28 September 2008

- Strategy and Tactics -

The comment by McCain that Obama doesn't understand the difference between strategy and tactics struck me at the time as odd. It was, I think, a revealing comment, particularly given that McCain is a military man. Because one thing that has been abundantly clear about McCain's campaign for the past week is that it has been almost exclusively tactical. This seems to be partly constitutional—McCain's belief in himself as a maverick and his need to display that leads toward an emphasis on tactics. But it is partly situational as well—the fundamentals of the campaign do not really favor him, so he has constantly been fighting from a defensive position and he's been trying to find the tactics that will break himself out.

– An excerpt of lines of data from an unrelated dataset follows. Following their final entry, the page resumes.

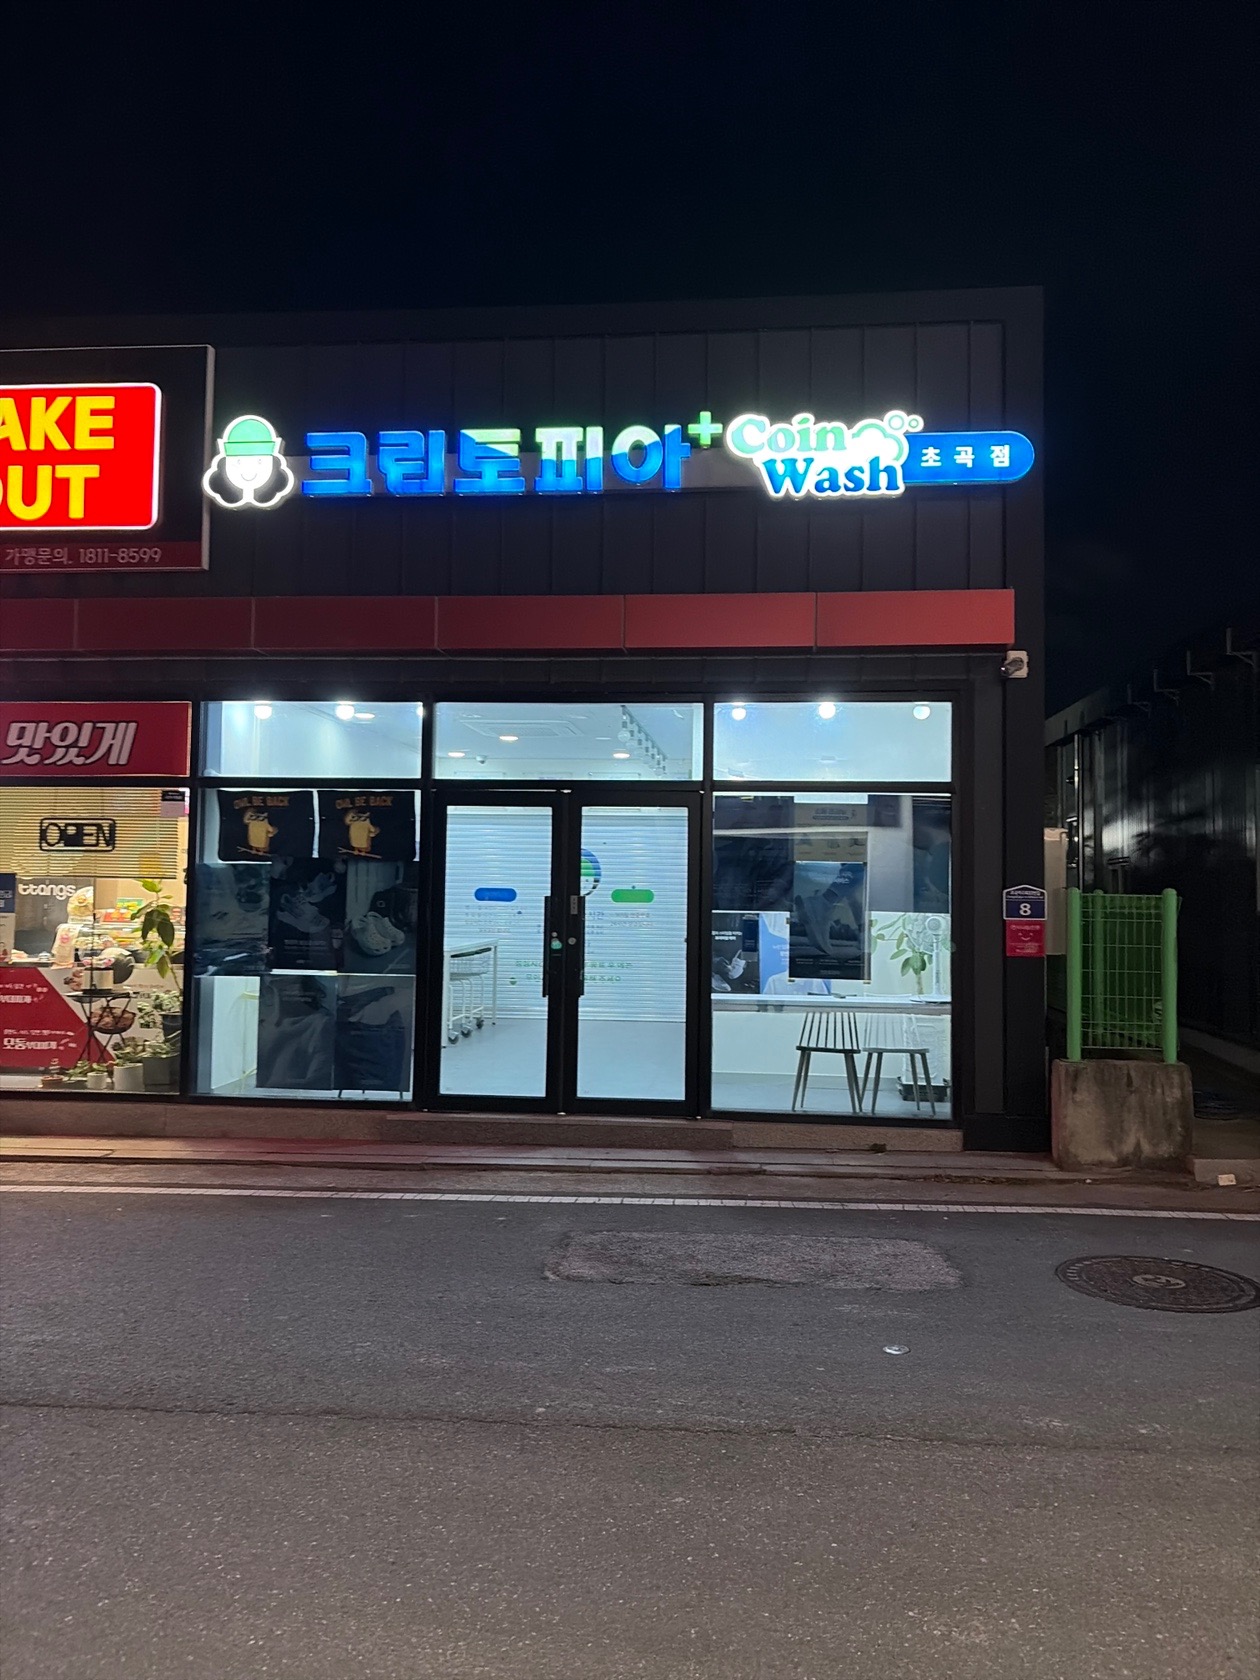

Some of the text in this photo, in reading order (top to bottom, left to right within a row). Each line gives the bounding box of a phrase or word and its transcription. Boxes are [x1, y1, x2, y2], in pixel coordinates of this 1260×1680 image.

[730, 416, 848, 454] Coin
[302, 424, 691, 495] 크린토피아
[762, 456, 900, 495] Wash
[0, 464, 100, 520] UT
[79, 547, 162, 563] 1811-8599
[2, 722, 137, 766] 맛있게
[45, 822, 115, 847] OPEN
[1019, 903, 1031, 916] 8

If we compare the two campaigns, we would have to grant that McCain has had a tactical advantage in terms of initiative if nothing else. The Obama campaign has not proved particularly deft reacting tactically. I would say they have been very pedestrian, in fact. Fortunately, this has not (yet) proved a liability, and in some respects it may well have saved them from overreacting to some of McCain's stranger tactical moves.

Obama's tactics, though pedestrian, are reinforced—indeed leveraged—by an excellent strategic command. In fact, the Obama campaign's control of the strategic level has generally allowed them easily absorb any tactical loss to McCain.

It is also worth mentioning logistics; if campaign workers, local headquarters, voter registrations, etc. are any guide, this is another level at which Obama seems to enjoy something of an advantage.

With the strategic and logistic advantage, the Obama campaign seems to be content to slowly grind away. It's not particularly pretty; it's certainly not dashing; but at the moment at least it does seem to be working.